EXERCISE INSTRUCTIONS: The answer must repeat every record exactly, with no pictures in it.

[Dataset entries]
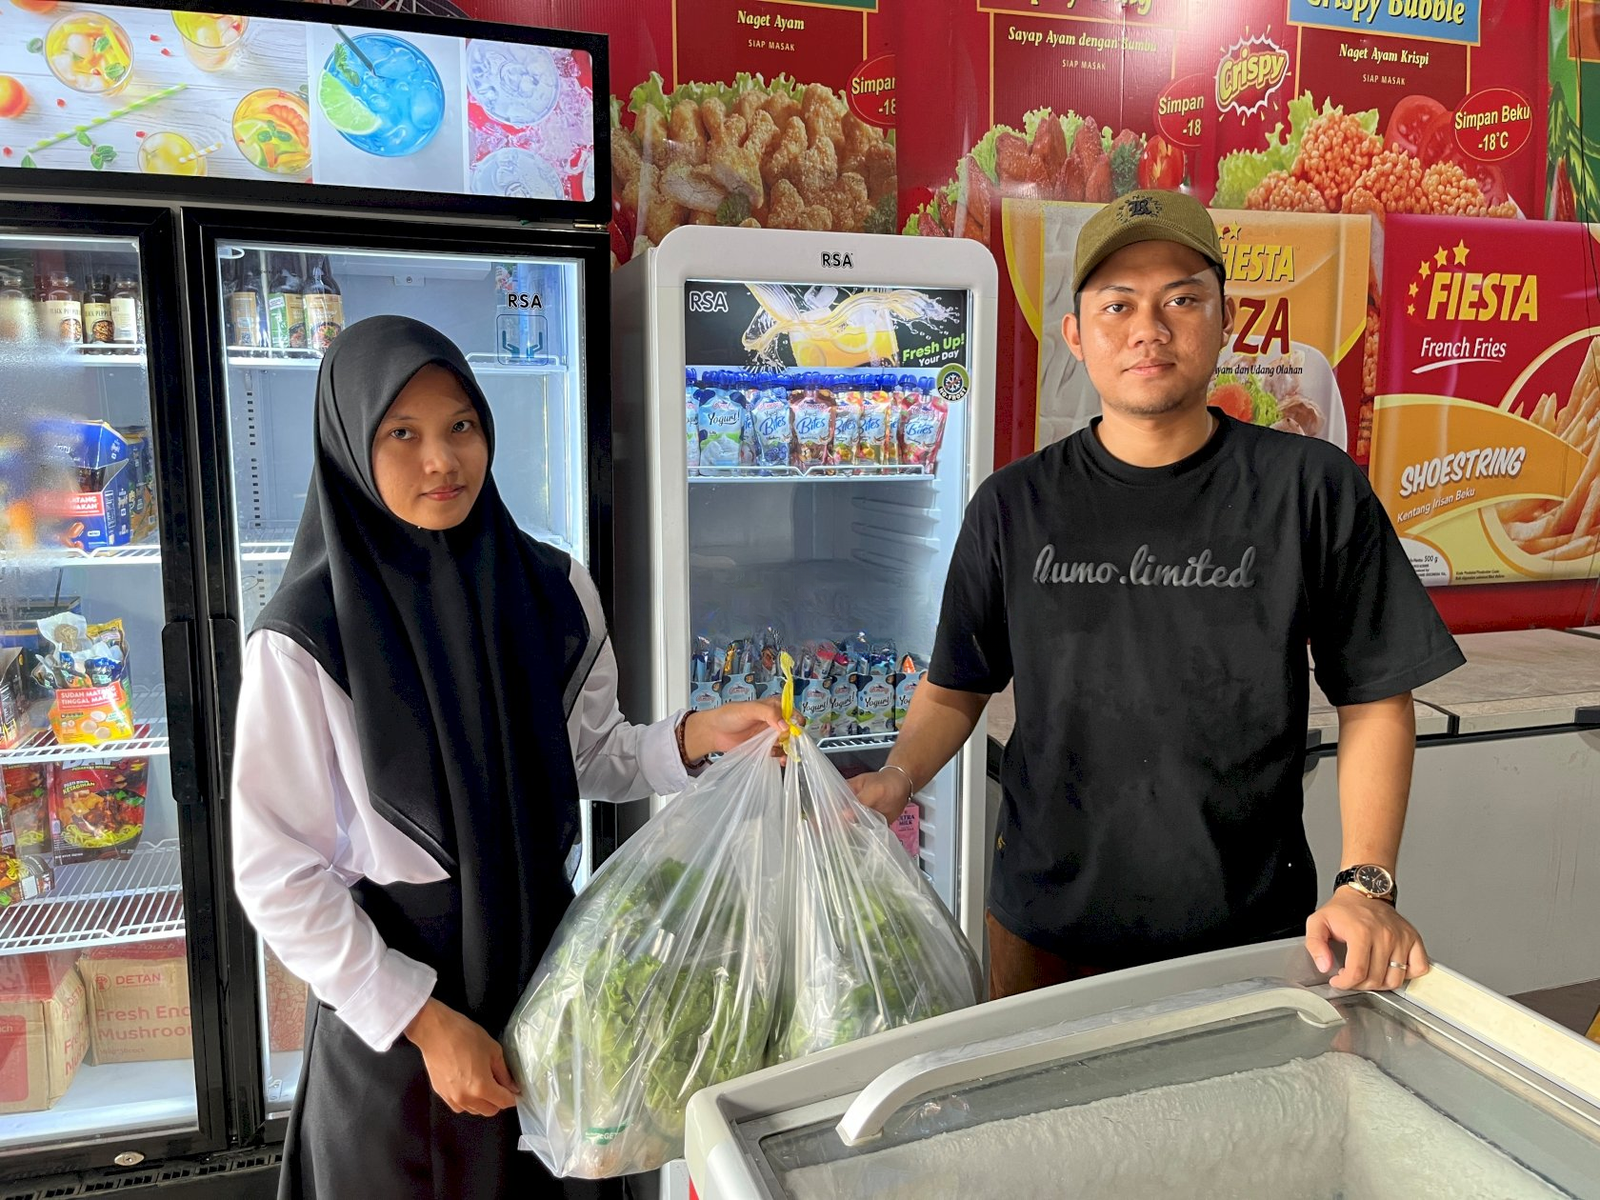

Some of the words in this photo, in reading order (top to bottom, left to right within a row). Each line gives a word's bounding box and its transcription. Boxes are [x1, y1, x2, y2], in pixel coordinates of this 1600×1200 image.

[737, 10, 771, 30] Naget
[773, 14, 805, 30] Ayam
[748, 38, 766, 48] SIAP
[768, 40, 795, 51] MASAK
[1008, 26, 1043, 46] Sayap
[1046, 30, 1076, 47] Ayam
[1079, 33, 1118, 51] dengan
[1120, 37, 1158, 52] Bumbu
[1062, 59, 1079, 68] SIAP
[1081, 61, 1106, 70] MASAK
[1339, 44, 1368, 62] Naget
[1371, 48, 1398, 64] Ayam
[1400, 50, 1429, 68] Krispi
[1219, 48, 1286, 99] Crispy
[1362, 73, 1379, 83] SIAP
[1381, 75, 1406, 86] MASAK
[1158, 95, 1204, 116] Simpan
[1455, 110, 1499, 130] Simpan
[1501, 104, 1531, 123] Beku
[1182, 119, 1202, 137] -18
[822, 253, 853, 268] RSA
[508, 293, 543, 309] RSA
[689, 291, 729, 312] RSA
[1426, 272, 1538, 322] FIESTA
[902, 341, 940, 361] Fresh
[943, 333, 965, 350] Up!
[1421, 337, 1470, 358] French
[1473, 338, 1507, 358] Fries
[919, 355, 940, 367] Your
[942, 350, 959, 361] Day
[1235, 364, 1250, 375] dan
[1250, 364, 1275, 377] Udang
[1276, 364, 1303, 375] Olahan
[759, 415, 787, 436] Bites
[796, 416, 826, 435] Bites
[1399, 446, 1527, 498] SHOESTRING
[1397, 503, 1431, 523] Kentang
[1432, 496, 1454, 511] Irisan
[1455, 487, 1476, 501] Beku
[116, 974, 162, 985] DETAN
[96, 1006, 150, 1022] Fresh
[156, 1005, 190, 1019] Eno

OUTPUT OF THE EXERCISE:
Some of the words in this photo, in reading order (top to bottom, left to right within a row). Each line gives a word's bounding box and its transcription. Boxes are [x1, y1, x2, y2], in pixel coordinates of this 1600×1200 image.

[737, 10, 771, 30] Naget
[773, 14, 805, 30] Ayam
[748, 38, 766, 48] SIAP
[768, 40, 795, 51] MASAK
[1008, 26, 1043, 46] Sayap
[1046, 30, 1076, 47] Ayam
[1079, 33, 1118, 51] dengan
[1120, 37, 1158, 52] Bumbu
[1062, 59, 1079, 68] SIAP
[1081, 61, 1106, 70] MASAK
[1339, 44, 1368, 62] Naget
[1371, 48, 1398, 64] Ayam
[1400, 50, 1429, 68] Krispi
[1219, 48, 1286, 99] Crispy
[1362, 73, 1379, 83] SIAP
[1381, 75, 1406, 86] MASAK
[1158, 95, 1204, 116] Simpan
[1455, 110, 1499, 130] Simpan
[1501, 104, 1531, 123] Beku
[1182, 119, 1202, 137] -18
[822, 253, 853, 268] RSA
[508, 293, 543, 309] RSA
[689, 291, 729, 312] RSA
[1426, 272, 1538, 322] FIESTA
[902, 341, 940, 361] Fresh
[943, 333, 965, 350] Up!
[1421, 337, 1470, 358] French
[1473, 338, 1507, 358] Fries
[919, 355, 940, 367] Your
[942, 350, 959, 361] Day
[1235, 364, 1250, 375] dan
[1250, 364, 1275, 377] Udang
[1276, 364, 1303, 375] Olahan
[759, 415, 787, 436] Bites
[796, 416, 826, 435] Bites
[1399, 446, 1527, 498] SHOESTRING
[1397, 503, 1431, 523] Kentang
[1432, 496, 1454, 511] Irisan
[1455, 487, 1476, 501] Beku
[116, 974, 162, 985] DETAN
[96, 1006, 150, 1022] Fresh
[156, 1005, 190, 1019] Eno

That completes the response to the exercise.